Sam Slobodien wasn’t a household name for the Santa Margarita boys’ water polo team.
He left a lasting impression as in senior in 2014 though, breaking the school record for goals in a single season.
Four years later, Slobodien left an even bigger mark on the USC men’s team, scoring the game-winning goal in the final seconds of an NCAA tournament semifinal against cross-town rival UCLA.
Slobodien would score two more goals in the NCAA championship win against Stanford two days later, helping the Trojans clinch its first national championship since 2013.
Slobodien is back for his senior year at USC, and so are seven of the other top eight goals scorers from last season, making the Trojans a clear frontrunner to repeat as NCAA champions.
There will be one major change from last season’s team, however.
Jovan Vavic, who had coached USC since 1992, was fired in March after he was indicted in the sweeping college admissions cheating scandal.
Marko Pintaric is currently the interim head coach after serving as an assistant for the past 18 years.
USC opens play September 14 at the Inland Empire Invitational in Claremont.
Just like his stay at USC is unfolding, Slobodien didn’t make much noise at Santa Margarita until his junior year.

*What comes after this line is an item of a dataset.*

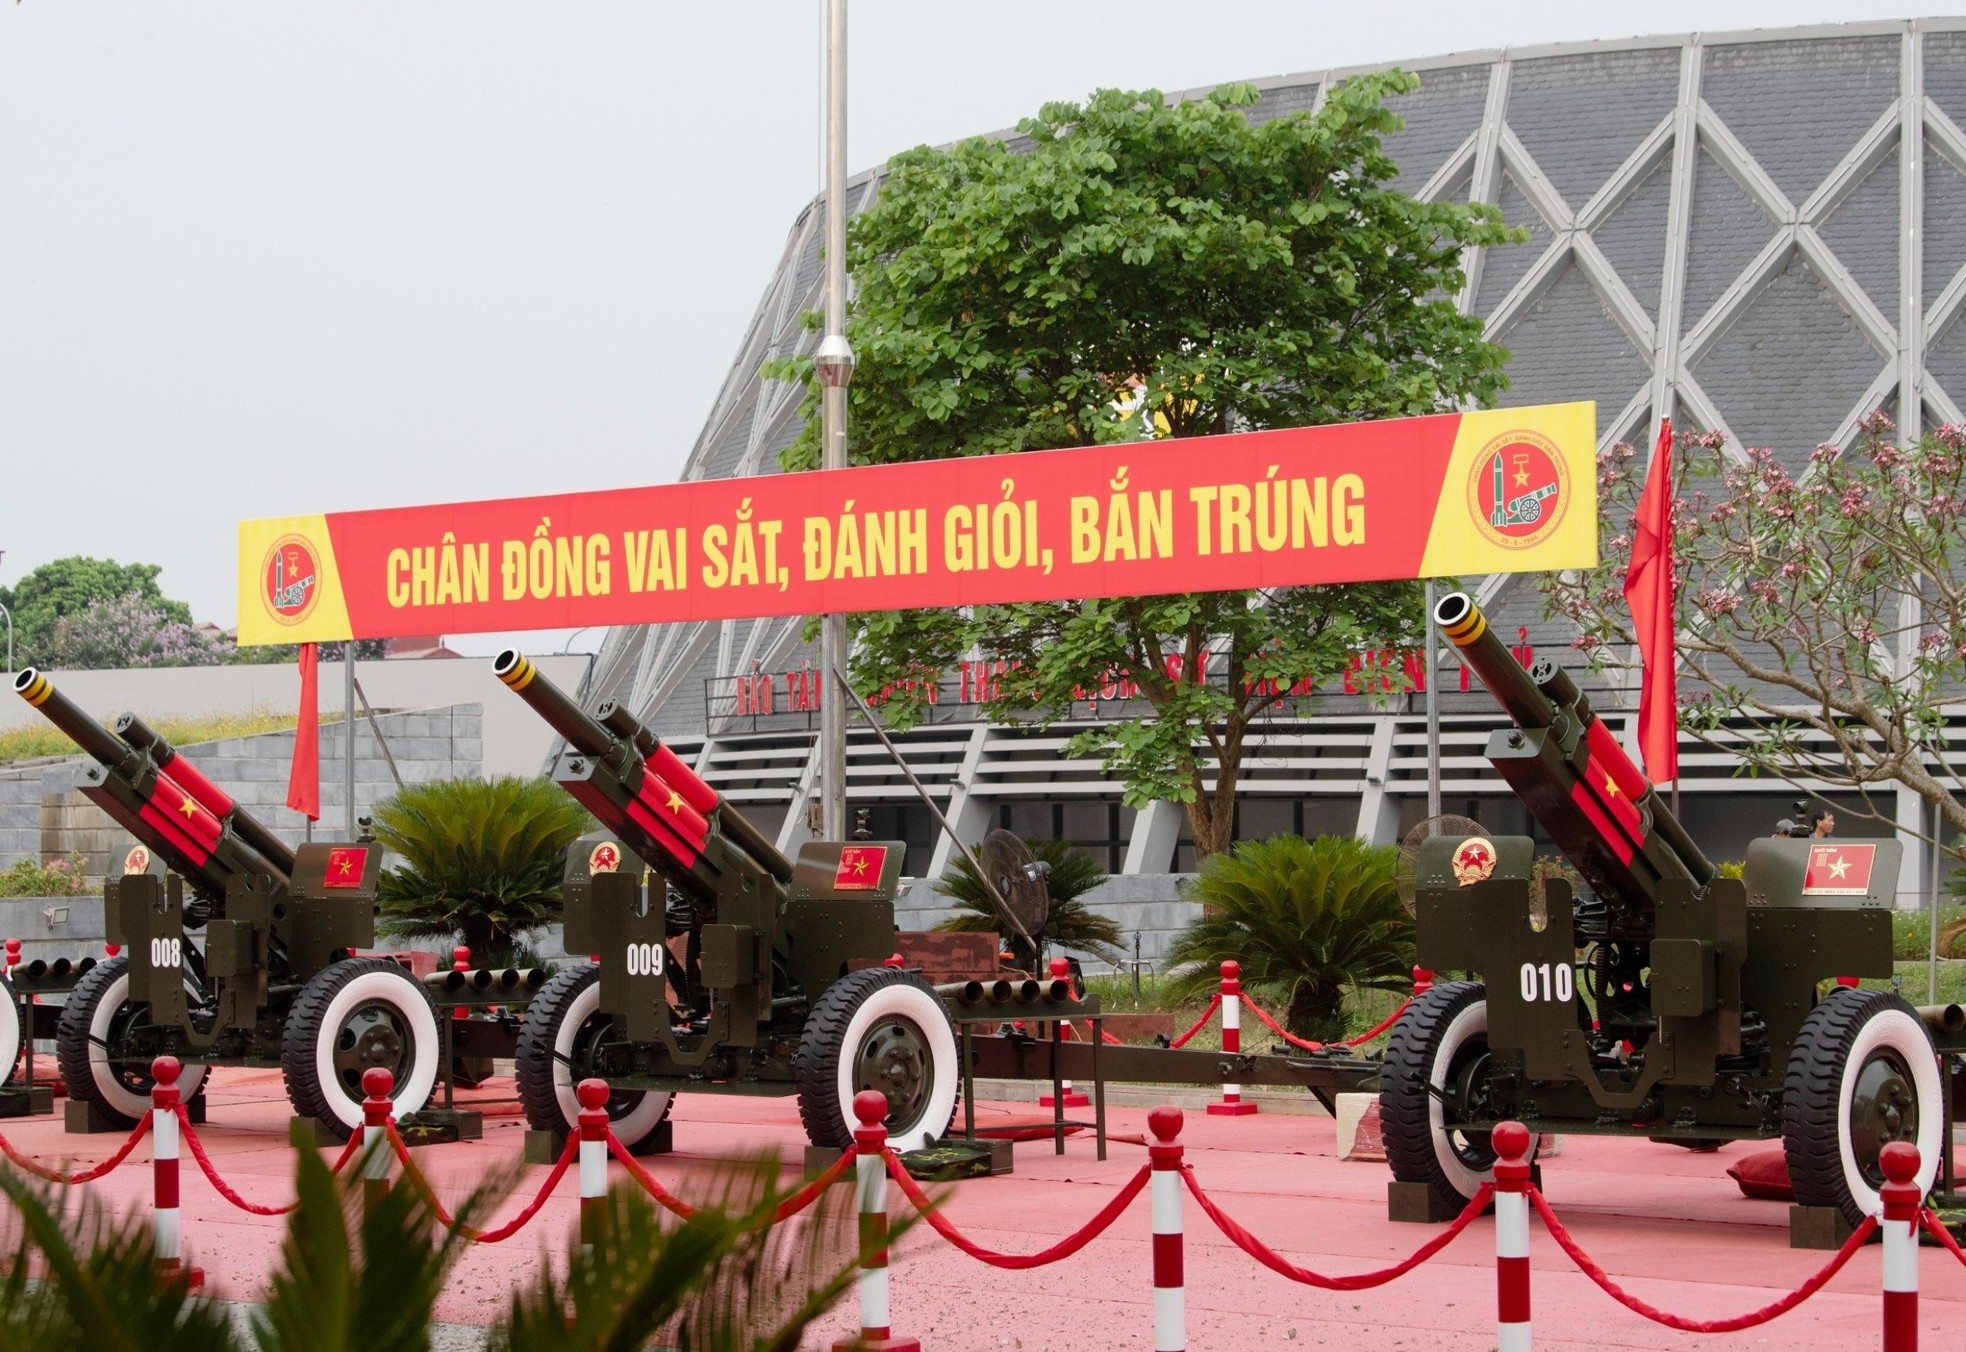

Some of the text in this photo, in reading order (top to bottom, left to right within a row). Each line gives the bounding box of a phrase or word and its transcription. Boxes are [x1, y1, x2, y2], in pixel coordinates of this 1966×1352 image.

After making the all-Trinity League second team as a junior in 2013, Slobodien was handed more offensive responsibilities as a senior. With that in mind, he developed more ways to put the ball in the back of the net, scoring a school-record 106 goals and handing out 77 assists.
When his senior season ended, Slobodien still had not decided on a college, but ultimately chose USC, joining Trinity League MVP Nick Silvers of Mater Dei in the recruiting class.
As he did at Santa Margarita, Slobodien started slowly at USC.
He redshirted his first year, scored 11 goals in his second and then leaped up to sixth on the team with 28 goals as a sophomore in 2017, the same year he was also picked to be on the playoff roster that advanced to the finals of the NCAA tournament.
“It’s like a re-born energy,” Slobodien said of the NCAA tournament. “Everyone really, really wants to win, and you can just feel it.”
Heading into last season, Slobodien’s offensive abilities came in handy even more after Thomas Dunstan, a 2016 graduate of Mater Dei who had played for the U.S. Olympic team that summer, quit the USC and national teams for unknown reasons, dropped out of school and still hasn’t returned to the sport.
Slobodien handled the additional responsibilities by scoring 36 goals, none bigger than the game-winner with five seconds left against UCLA, lifting USC to an 8-7 victory in the NCAA tournament semifinal.
That shot came against goalie Alex Wolf, who was the Orange County Register player of the year at Huntington Beach High during Slobodien’s senior year at Santa Margarita.
“We even worked on that play a bunch of times in practice,” Slobodien told reporters afterward. “You just try to finish and execute each play with 100 percent effort and that’s what we did.”
Another ex-Trinity League player on this season’s USC roster is Luke Wyatt, a former Mater Dei standout alongside Dunstan who scored 23 goals for the Trojans last season.